Every aspect of university life has a potential impact on the wellbeing of students. The curriculum is important to mental health and wellbeing because it is one of the few guaranteed points of contact between students and the university. The curriculum is central to the student experience providing focus, structure, connection and purpose. If universities are to take mental health and wellbeing seriously, the role of the curriculum must be core to their response. Research has also shown that the way students learn and the way they are taught and assessed, can have siginficant impact on their wellbeing – positive and negative. Drawing on the newly launched, open access toolkit Education for Mental Health, we will examine this research evidence, to establish key principles and some practical steps staff can take to enhance the learning and wellbeing of their students, through curriculum design and delivery.

This will be an active workshop with opportunity to debate, discuss and share practice.

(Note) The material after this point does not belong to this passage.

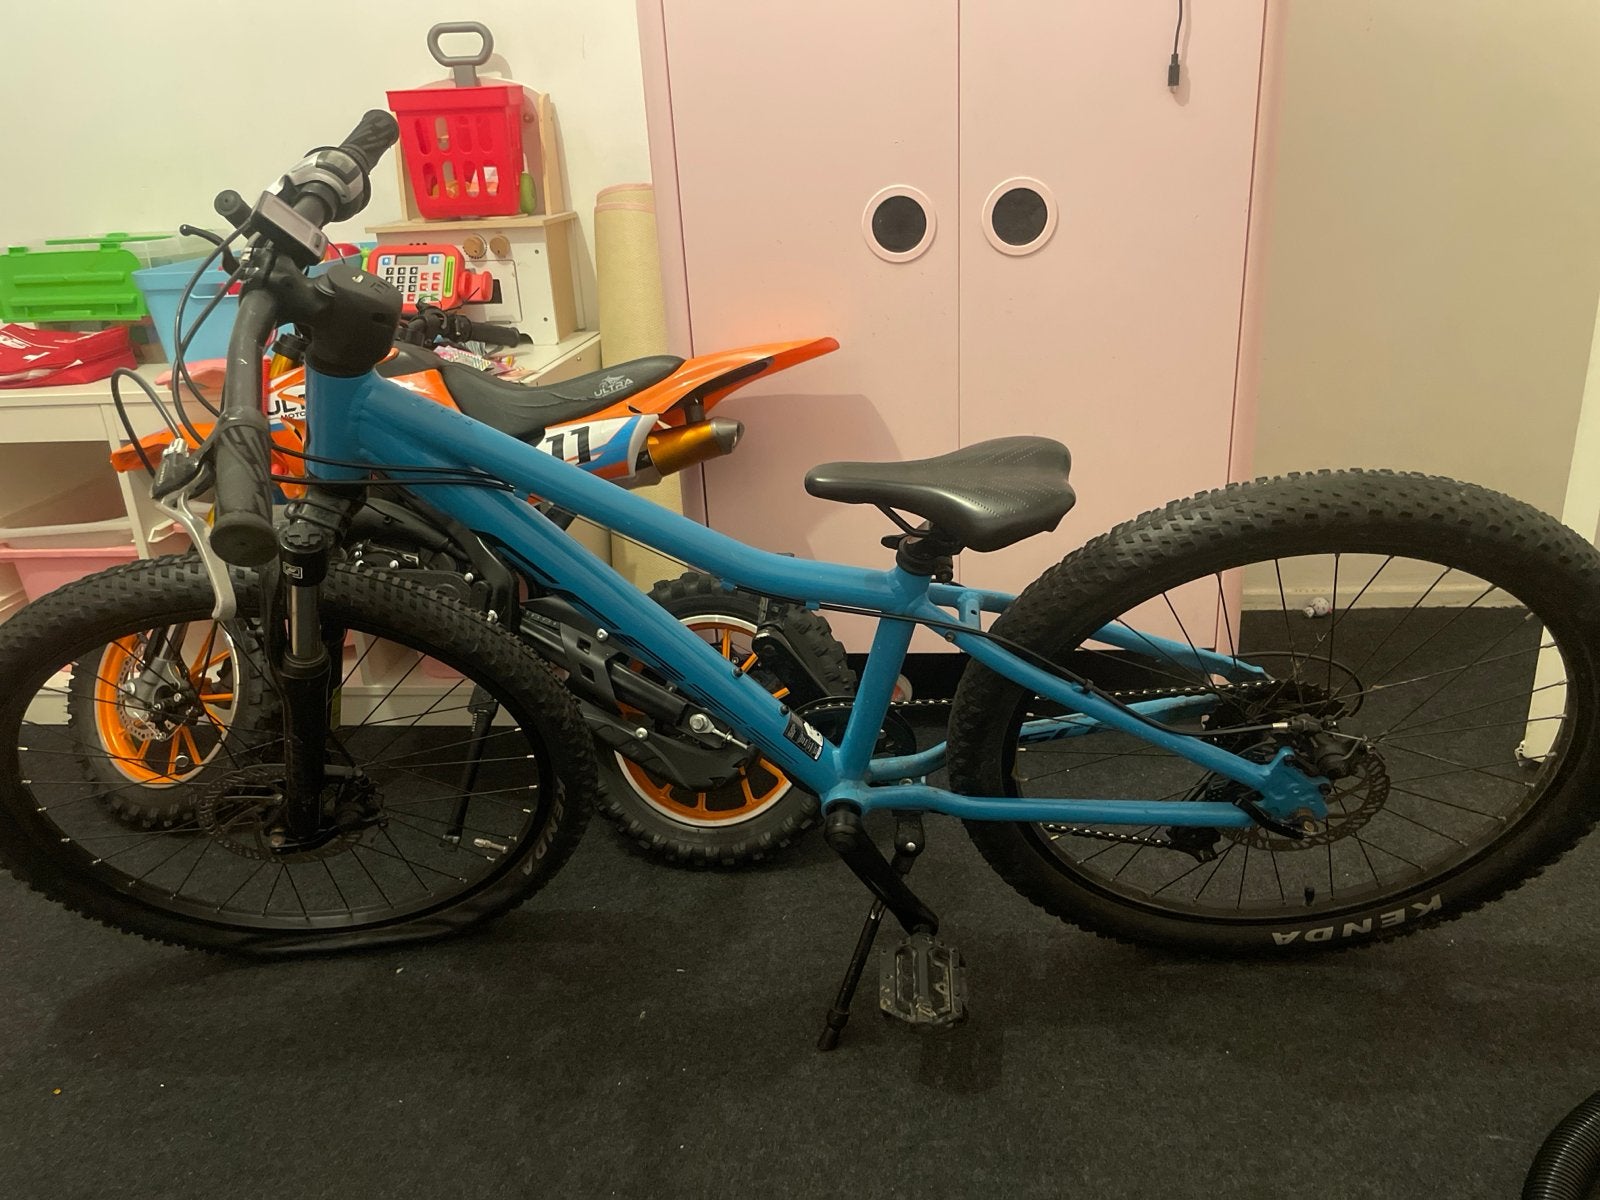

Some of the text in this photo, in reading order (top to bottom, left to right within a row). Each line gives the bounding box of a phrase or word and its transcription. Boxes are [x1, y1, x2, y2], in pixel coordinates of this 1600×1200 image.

[593, 378, 634, 397] ULTRA
[545, 425, 591, 466] 11
[1271, 894, 1443, 946] KENDA

A Conversation Around Diagnostics and Personalised Approaches to Student Success

Keywords: Teaching Staff, Academic / Learning Analytics, Technology Enhanced Learning

Dr Luke Millard
Abertay University, Scotland

Standard approaches to university admission see students meet the criteria for acceptance and then receive a standardised cohort experience through their induction and initial learning journey.  However, as a sector we are well aware that students enter our universities with a diverse range of abilities and skills.  This discursive session will have at its core the work of the Scottish Quality Assurance Agency (QAA) Collaborative Cluster project PARC.  The Personalised Approaches to Resilience and Community (PARC) project is looking at how student diagnostics can be best deployed to help students succeed in their first year of study and includes Abertay, Glasgow Caledonian, Birmingham City, Warwick and Robert Gordon Universities together with the University of the Highlands and Islands.  You will be invited to share your perspectives and approaches around this fascinating area of work. Further details on the QAA project can be found at the Website of Enhancement Themes.

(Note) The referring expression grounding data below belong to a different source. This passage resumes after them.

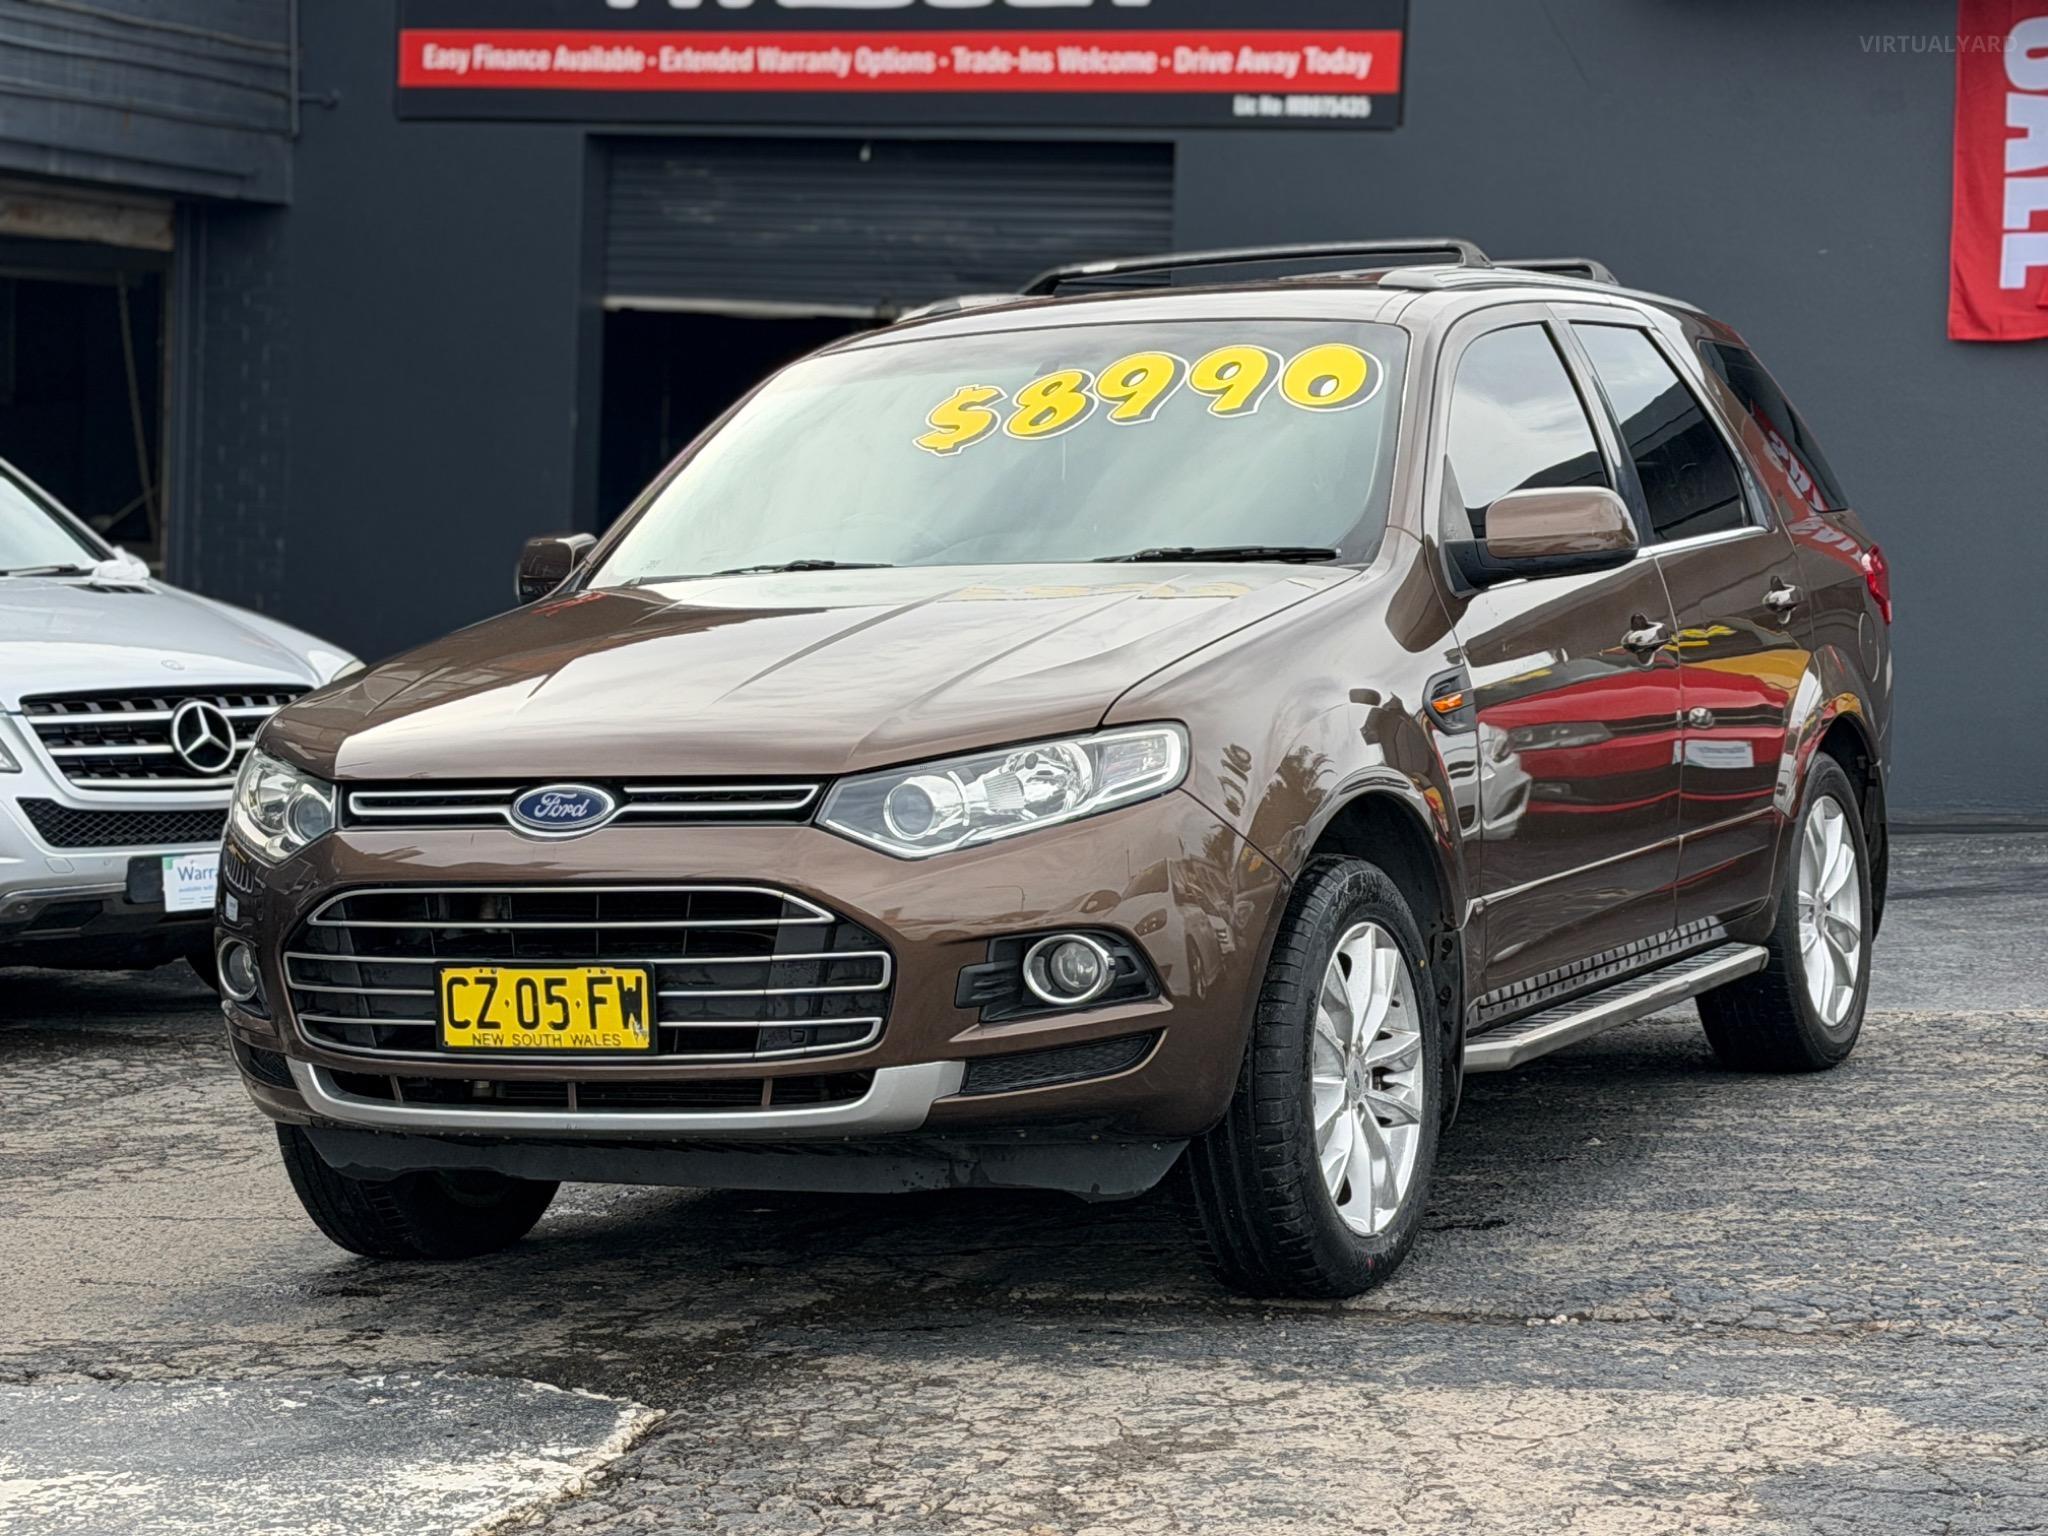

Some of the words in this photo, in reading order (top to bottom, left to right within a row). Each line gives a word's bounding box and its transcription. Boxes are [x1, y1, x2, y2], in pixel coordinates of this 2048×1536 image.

[422, 43, 471, 74] Easy
[472, 43, 551, 72] Finance
[553, 44, 645, 73] Available
[658, 45, 754, 73] Extended
[756, 46, 853, 78] Warranty
[854, 45, 937, 77] Options
[951, 45, 1054, 73] Trade-Ins
[1056, 45, 1158, 74] Welcome
[1172, 45, 1234, 74] Drive
[1235, 45, 1301, 79] Away
[1303, 45, 1373, 80] Today
[912, 343, 1384, 456] $8990
[534, 792, 590, 818] Ford
[177, 865, 217, 882] Warr
[472, 1034, 504, 1047] NEW
[512, 1034, 563, 1047] SOUTH
[570, 1034, 622, 1047] WALES

Teaching on/offline – A Journey through First Year Architecture

Keywords: Teaching Staff, Academic / Learning Analytics, Technology Enhanced Learning

Wolfgang List, Lisa Obermayer, Petra Petersson, Iulius Popa
Graz University of Technology, Austria

The pre-workshop session is organised by the Institute of Construction and Design Principles (KOEN) at the Technical University in Graz. The Institute has its focus primarily on teaching architecture to first-year students. The integration of the two main courses Construction and Design within one department enables us to emphasise their tight interrelationship.

The first-year course focuses on the essentials, with the goal of teaching a basic understanding of architecture, three-dimensional space, and the contextual connections in the built environment. We present the difficulties in simplified terms and, step by step, we try to give the students the means to explore the complex connections for themselves. We ask the primary questions “Why” and “How”. The main aims are those of learning how to see, how to draw, construct and how to design. In addition, the students are given tools with which to further develop and communicate their ideas. These include sketches, technical drawing (by hand and computer), layouts, and modelmaking, as well as verbal and written presentations.

The pre-workshop session will introduce the Institute’s “Beginners Workshop“ as well as the hybrid teaching and learning concepts that were developed over the last two years. The contemporary digital methods and media used in architectural teaching show the didactic focus on communication, collaboration, and contemporary knowledge transfer through the supportive use of digital media.

Taking into account various didactic taxonomy levels, methods such as working with the concept of the “flipped classroom” or with digital whiteboards, the use of teaching videos with a green screen, and a digital collection of contributions in a cloud were used and are presented. Furthermore, the challenges and development potentials of hybrid teaching and learning for first-year architecture students are described.